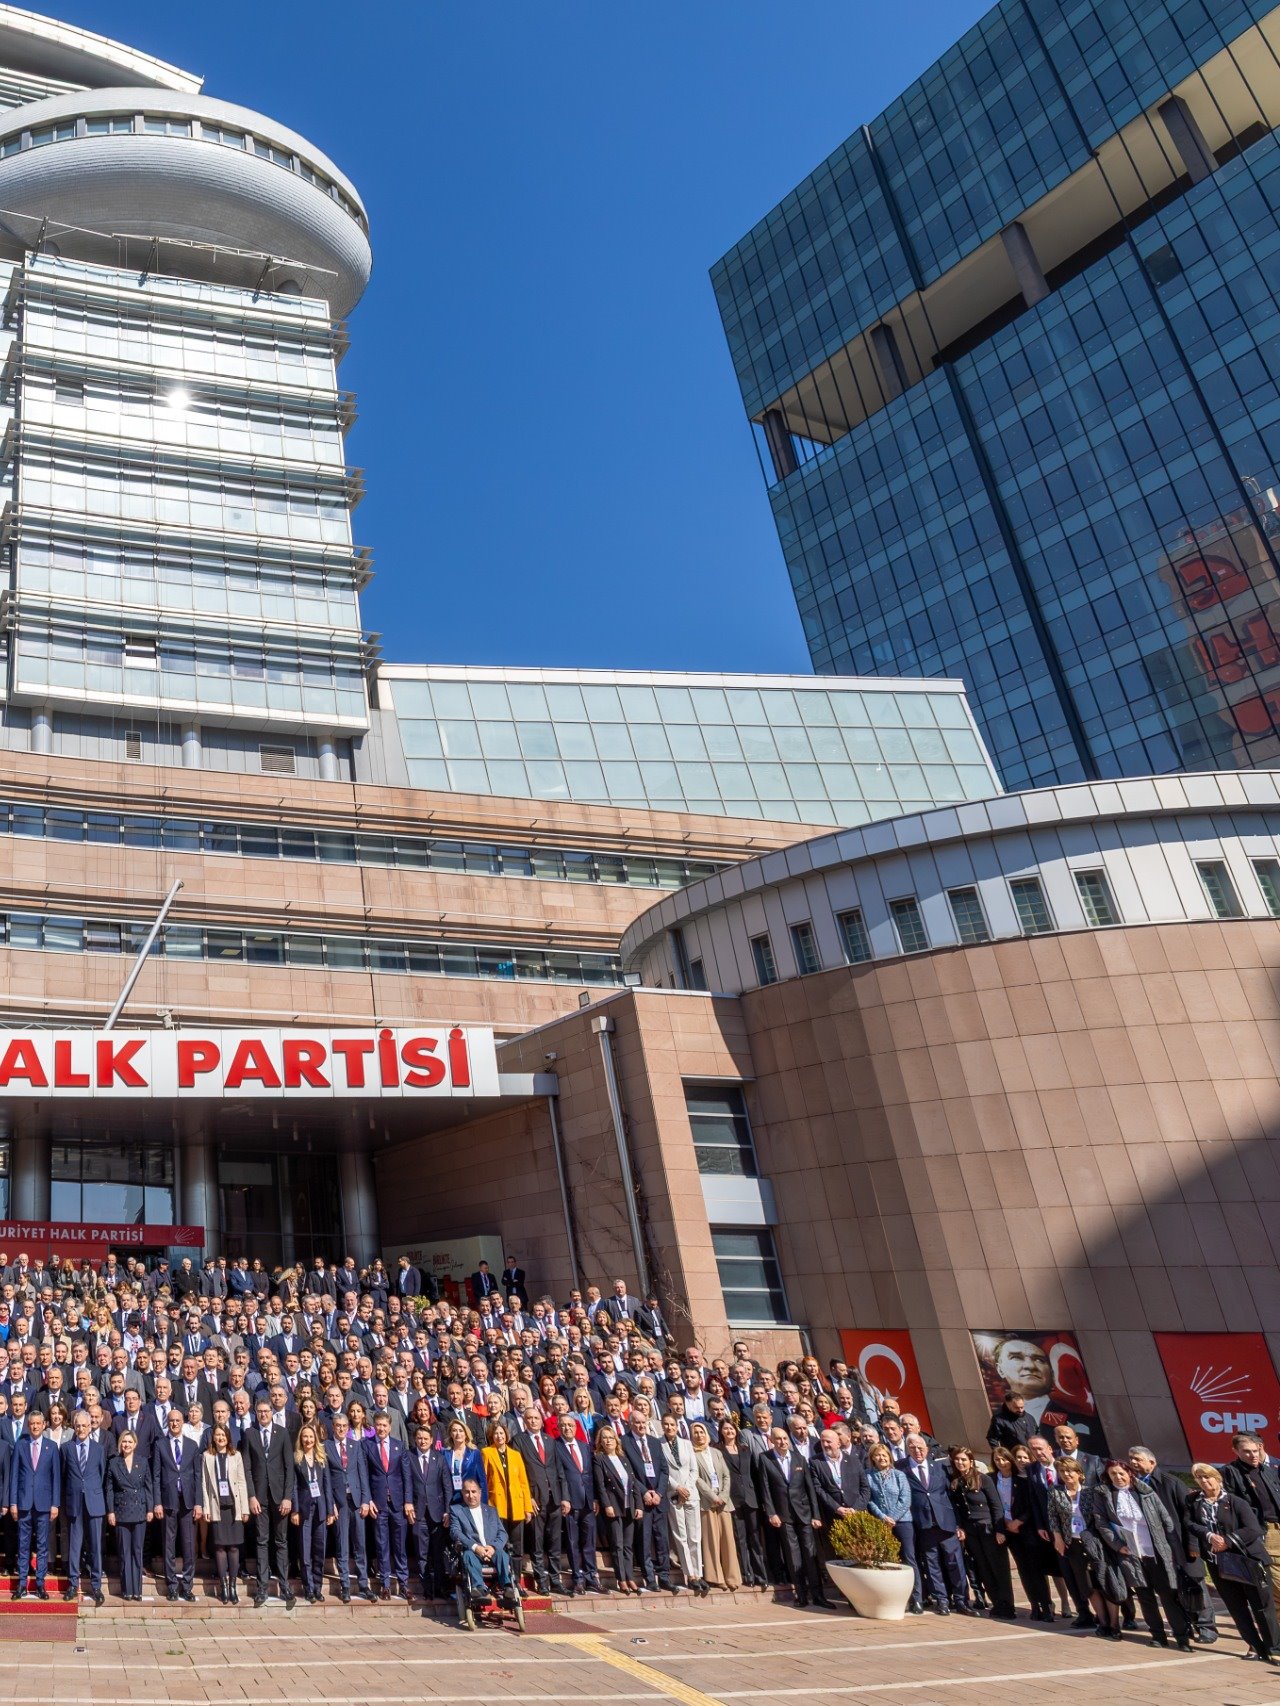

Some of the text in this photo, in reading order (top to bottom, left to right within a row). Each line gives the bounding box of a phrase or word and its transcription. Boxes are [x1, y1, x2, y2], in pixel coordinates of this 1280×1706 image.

[177, 1028, 470, 1088] PARTİSİ
[49, 1228, 87, 1240] HALK
[91, 1228, 144, 1242] PARTİSİ
[1200, 1411, 1269, 1434] CHP

....................

=== YOUR INSTRUCTIONS ===
A faithful copy of the data is required: each word kept, each picture omitted.

=== RESULT OF THIS EXERCISE ===
Some of the text in this photo, in reading order (top to bottom, left to right within a row). Each line gives the bounding box of a phrase or word and its transcription. Boxes are [x1, y1, x2, y2], in pixel coordinates of this 1280×1706 image.

[177, 1028, 470, 1088] PARTİSİ
[49, 1228, 87, 1240] HALK
[91, 1228, 144, 1242] PARTİSİ
[1200, 1411, 1269, 1434] CHP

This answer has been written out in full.